**Task directions**
Please give the lines below again exactly as they stand, from the one that contains "Some of the text" up to and including the one that contains "this 1500×1000 image.", leaving all pictures out.
##### Records to process
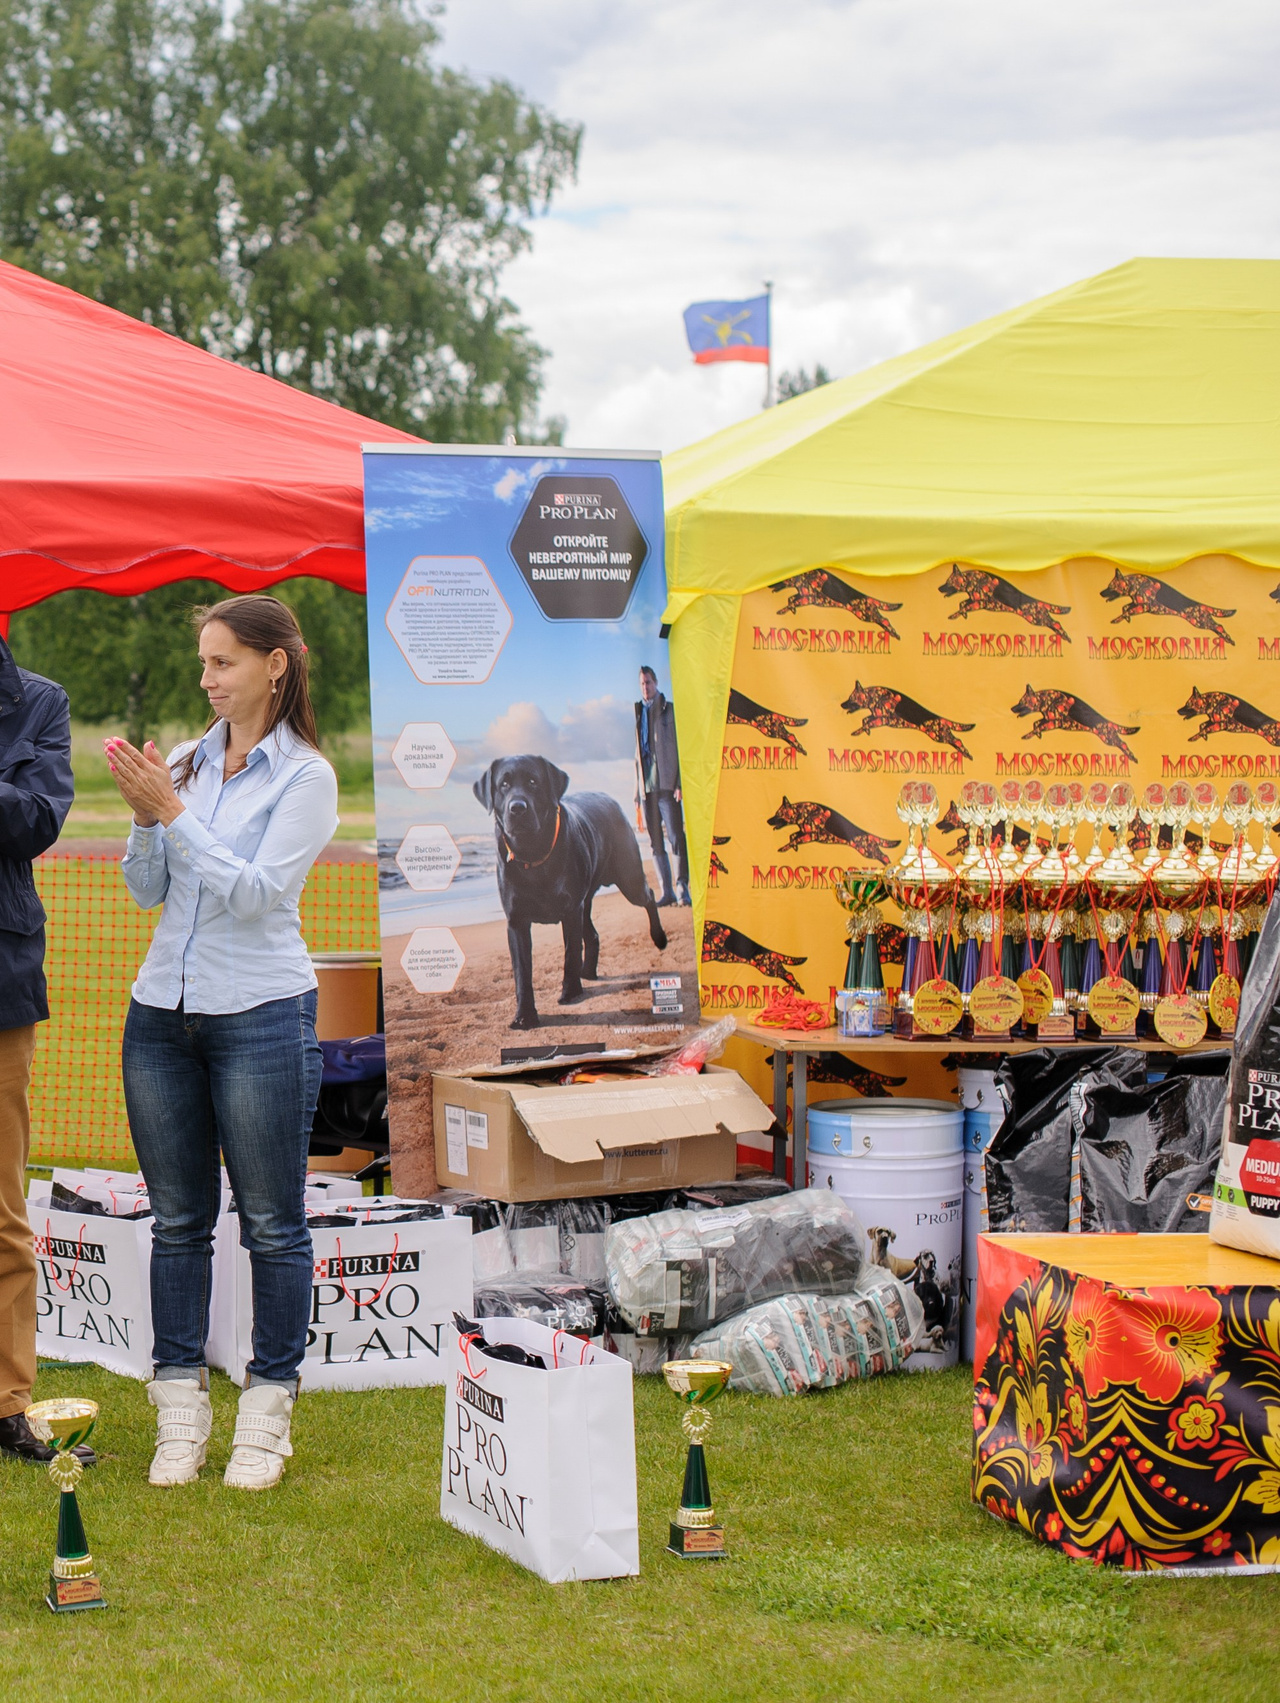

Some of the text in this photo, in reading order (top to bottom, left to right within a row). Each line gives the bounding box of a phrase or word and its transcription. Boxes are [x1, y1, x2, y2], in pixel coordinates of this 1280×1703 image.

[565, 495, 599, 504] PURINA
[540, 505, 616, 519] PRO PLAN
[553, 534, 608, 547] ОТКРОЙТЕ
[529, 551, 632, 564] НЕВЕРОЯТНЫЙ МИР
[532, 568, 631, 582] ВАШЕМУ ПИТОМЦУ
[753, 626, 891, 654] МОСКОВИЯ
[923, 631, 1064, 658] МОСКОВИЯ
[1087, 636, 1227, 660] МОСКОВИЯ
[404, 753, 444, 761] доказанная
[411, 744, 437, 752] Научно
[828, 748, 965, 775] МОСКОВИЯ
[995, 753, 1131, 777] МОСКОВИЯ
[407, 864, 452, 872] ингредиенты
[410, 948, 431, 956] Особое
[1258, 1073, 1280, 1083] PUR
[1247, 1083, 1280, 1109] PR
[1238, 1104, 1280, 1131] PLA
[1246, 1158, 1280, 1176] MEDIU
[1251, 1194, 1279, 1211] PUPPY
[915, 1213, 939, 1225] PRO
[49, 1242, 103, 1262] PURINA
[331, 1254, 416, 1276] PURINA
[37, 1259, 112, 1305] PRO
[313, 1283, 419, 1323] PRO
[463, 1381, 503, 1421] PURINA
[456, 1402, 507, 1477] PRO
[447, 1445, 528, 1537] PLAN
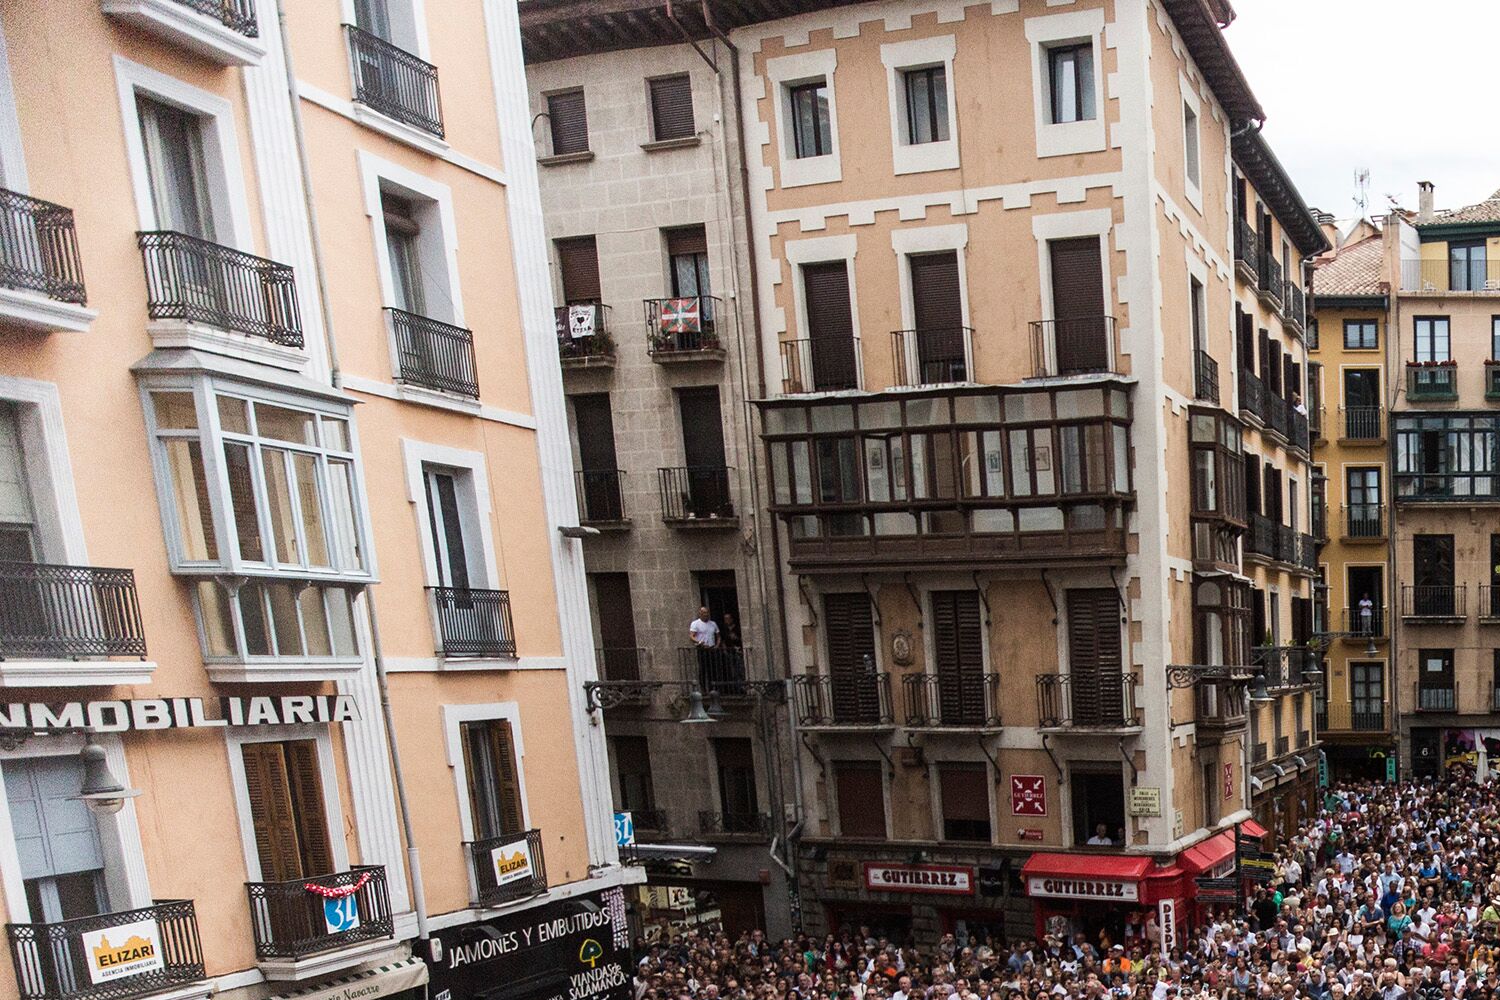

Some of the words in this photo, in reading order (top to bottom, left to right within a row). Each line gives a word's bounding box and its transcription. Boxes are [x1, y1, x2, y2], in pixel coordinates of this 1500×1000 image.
##########
##### Records to process
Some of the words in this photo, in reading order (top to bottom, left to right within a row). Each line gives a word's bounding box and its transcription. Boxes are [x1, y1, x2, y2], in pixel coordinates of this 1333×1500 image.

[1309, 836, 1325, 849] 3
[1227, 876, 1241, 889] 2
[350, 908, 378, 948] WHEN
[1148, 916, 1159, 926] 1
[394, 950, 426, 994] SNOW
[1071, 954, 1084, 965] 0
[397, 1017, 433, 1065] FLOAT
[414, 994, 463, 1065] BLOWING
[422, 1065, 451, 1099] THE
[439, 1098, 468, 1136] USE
##########
**Answer section**
Some of the text in this photo, in reading order (top to bottom, left to right within a row). Each line gives the bounding box of a phrase or word and its transcription. Boxes are [x1, y1, x2, y2], in pixel coordinates of this 1280×1703 image.

[565, 495, 599, 504] PURINA
[540, 505, 616, 519] PRO PLAN
[553, 534, 608, 547] ОТКРОЙТЕ
[529, 551, 632, 564] НЕВЕРОЯТНЫЙ МИР
[532, 568, 631, 582] ВАШЕМУ ПИТОМЦУ
[753, 626, 891, 654] МОСКОВИЯ
[923, 631, 1064, 658] МОСКОВИЯ
[1087, 636, 1227, 660] МОСКОВИЯ
[404, 753, 444, 761] доказанная
[411, 744, 437, 752] Научно
[828, 748, 965, 775] МОСКОВИЯ
[995, 753, 1131, 777] МОСКОВИЯ
[407, 864, 452, 872] ингредиенты
[410, 948, 431, 956] Особое
[1258, 1073, 1280, 1083] PUR
[1247, 1083, 1280, 1109] PR
[1238, 1104, 1280, 1131] PLA
[1246, 1158, 1280, 1176] MEDIU
[1251, 1194, 1279, 1211] PUPPY
[915, 1213, 939, 1225] PRO
[49, 1242, 103, 1262] PURINA
[331, 1254, 416, 1276] PURINA
[37, 1259, 112, 1305] PRO
[313, 1283, 419, 1323] PRO
[463, 1381, 503, 1421] PURINA
[456, 1402, 507, 1477] PRO
[447, 1445, 528, 1537] PLAN

Some of the words in this photo, in reading order (top to bottom, left to right within a row). Each line gives a word's bounding box and its transcription. Boxes are [x1, y1, x2, y2], in pixel coordinates of this 1500×1000 image.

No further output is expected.